At what water temps do the crappies begin to move back into the shallows to fatten up for winter?

Also, I've heard that crappie become mushy during the summer; what average water temperature does the crappie's meat firm up and become more desirable to keep them?


----------



## crappiedude (Mar 12, 2006)

I spend way too much time in a tree stand to fully understand fall crappie patterns but my guess is it's going to happen once the lakes "turn over" and the water temps get down into the low 60's or upper 50's. I know last night we left the lake at dark and the fish we still down about 14' in 16-18 fow.
I don't notice crappie becoming "mushy" in the summer months if taken care of. I think summer is a great time to crappie fish but you want to make sure to keep the fish alive until you can ice them down. If I can't keep them alive, I'll bring a cooler full of ice to put them in rather than using a live well or stringer.


----------



## partlyable (Mar 2, 2005)

I also spend quite a bit of time hunting in the fall and probably only fish 6-8 times a fall for crappie. Here are some of my observations I start catching them at about 70 degrees but it picks up more when the water gets to 65. Even in 70degree water I ate some last week and they were good.
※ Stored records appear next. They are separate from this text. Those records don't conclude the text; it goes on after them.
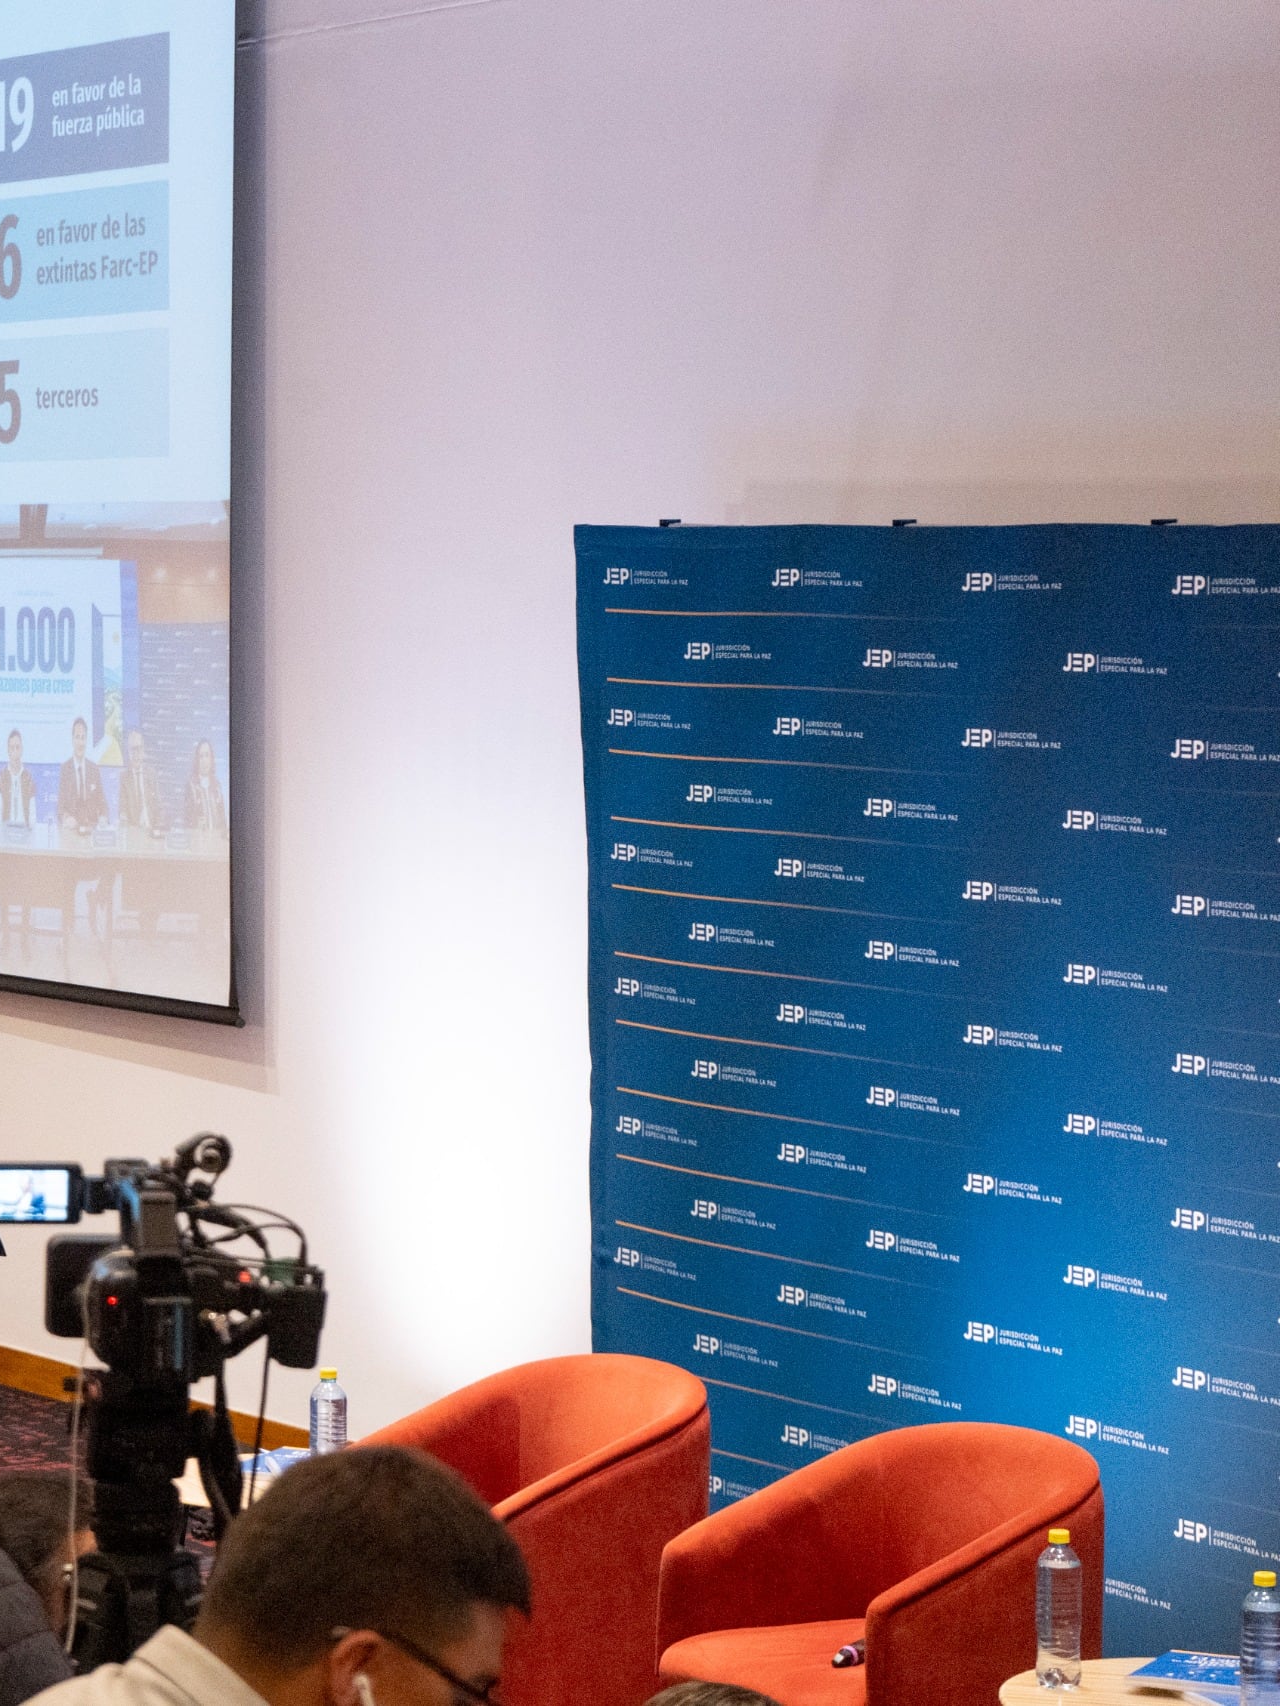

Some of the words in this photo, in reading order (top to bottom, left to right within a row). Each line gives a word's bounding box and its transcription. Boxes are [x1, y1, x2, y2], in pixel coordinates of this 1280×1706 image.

[52, 89, 68, 107] en
[71, 81, 106, 104] favor
[109, 75, 125, 98] de
[128, 73, 141, 96] la
[52, 115, 93, 138] fuerza
[96, 104, 145, 137] pública
[37, 227, 55, 246] en
[58, 219, 97, 244] favor
[101, 214, 120, 239] de
[125, 212, 145, 238] las
[37, 256, 97, 285] extintas
[101, 250, 158, 279] Farc-EP
[35, 385, 99, 410] terceros
[603, 568, 629, 585] JEP
[772, 569, 800, 586] JEP
[962, 573, 992, 591] JEP
[1172, 576, 1205, 595] JEP
[684, 643, 711, 660] JEP
[863, 649, 892, 667] JEP
[1063, 653, 1095, 672] JEP
[607, 709, 633, 726] JEP
[773, 717, 801, 735] JEP
[961, 728, 992, 747] JEP
[1171, 739, 1204, 759] JEP
[686, 785, 713, 802] JEP
[864, 798, 894, 817] JEP
[1062, 810, 1095, 830] JEP
[611, 843, 636, 861] JEP
[774, 859, 802, 877] JEP
[962, 881, 993, 900] JEP
[1171, 895, 1205, 916] JEP
[688, 923, 715, 941] JEP
[865, 941, 895, 960] JEP
[1063, 964, 1096, 985] JEP
[614, 978, 639, 996] JEP
[1101, 978, 1128, 987] ESPECIAL
[1130, 981, 1145, 989] PARA
[1156, 984, 1168, 992] PAZ
[776, 1004, 804, 1023] JEP
[963, 1025, 994, 1045] JEP
[691, 1060, 717, 1079] JEP
[1172, 1053, 1205, 1075] JEP
[866, 1086, 896, 1106] JEP
[616, 1116, 642, 1136] JEP
[1063, 1114, 1096, 1136] JEP
[777, 1143, 805, 1164] JEP
[963, 1173, 994, 1195] JEP
[691, 1200, 718, 1219] JEP
[1171, 1208, 1205, 1231] JEP
[866, 1230, 896, 1251] JEP
[614, 1247, 639, 1266] JEP
[1063, 1265, 1096, 1288] JEP
[777, 1285, 805, 1306] JEP
[1100, 1282, 1128, 1292] ESPECIAL
[1130, 1287, 1145, 1296] PARA
[1147, 1290, 1155, 1298] LA
[1156, 1292, 1168, 1301] PAZ
[964, 1322, 995, 1343] JEP
[693, 1334, 720, 1354] JEP
[1000, 1337, 1026, 1348] ESPECIAL
[1027, 1342, 1041, 1351] PARA
[1051, 1346, 1063, 1355] PAZ
[868, 1374, 898, 1396] JEP
[1172, 1367, 1206, 1390] JEP
[902, 1391, 926, 1402] ESPECIAL
[928, 1397, 941, 1407] PARA
[951, 1402, 961, 1411] PAZ
[781, 1425, 809, 1448] JEP
[1066, 1416, 1096, 1440] JEP
[1102, 1433, 1130, 1446] ESPECIAL
[1132, 1440, 1147, 1450] PARA
[1157, 1446, 1169, 1455] PAZ
[1174, 1519, 1207, 1543] JEP
[1213, 1538, 1241, 1551] ESPECIAL
[1243, 1546, 1259, 1556] PARA
[1261, 1549, 1268, 1557] LA
[1105, 1586, 1132, 1600] ESPECIAL
[1134, 1594, 1149, 1604] PARA
[1150, 1598, 1158, 1606] LA
[1159, 1600, 1171, 1610] PAZ
I fish a lake that the deepest part is 25 ft but the whole half of the lake I fish is less than 12. Simmilar to the spring I always fish areas that the wind is blowing into either the bay or the point and usually fish 3-6 feet deep about 2 feet down. I usually fish afternoons so I do not know if the surface temp is warmer and the wind is pushing warmer water or if they are feeding in the wind blown areas but I do significantly better, when the wind is blowing good. I hope this helps and does not steer you wrong for your home lake. 


Sent from my iPhone using Tapatalk


----------



## glasseyes (Jan 28, 2012)

I fish for crappie all winter and have a favorite spot that if it doesn't freeze over I catch them all winter, shallow


----------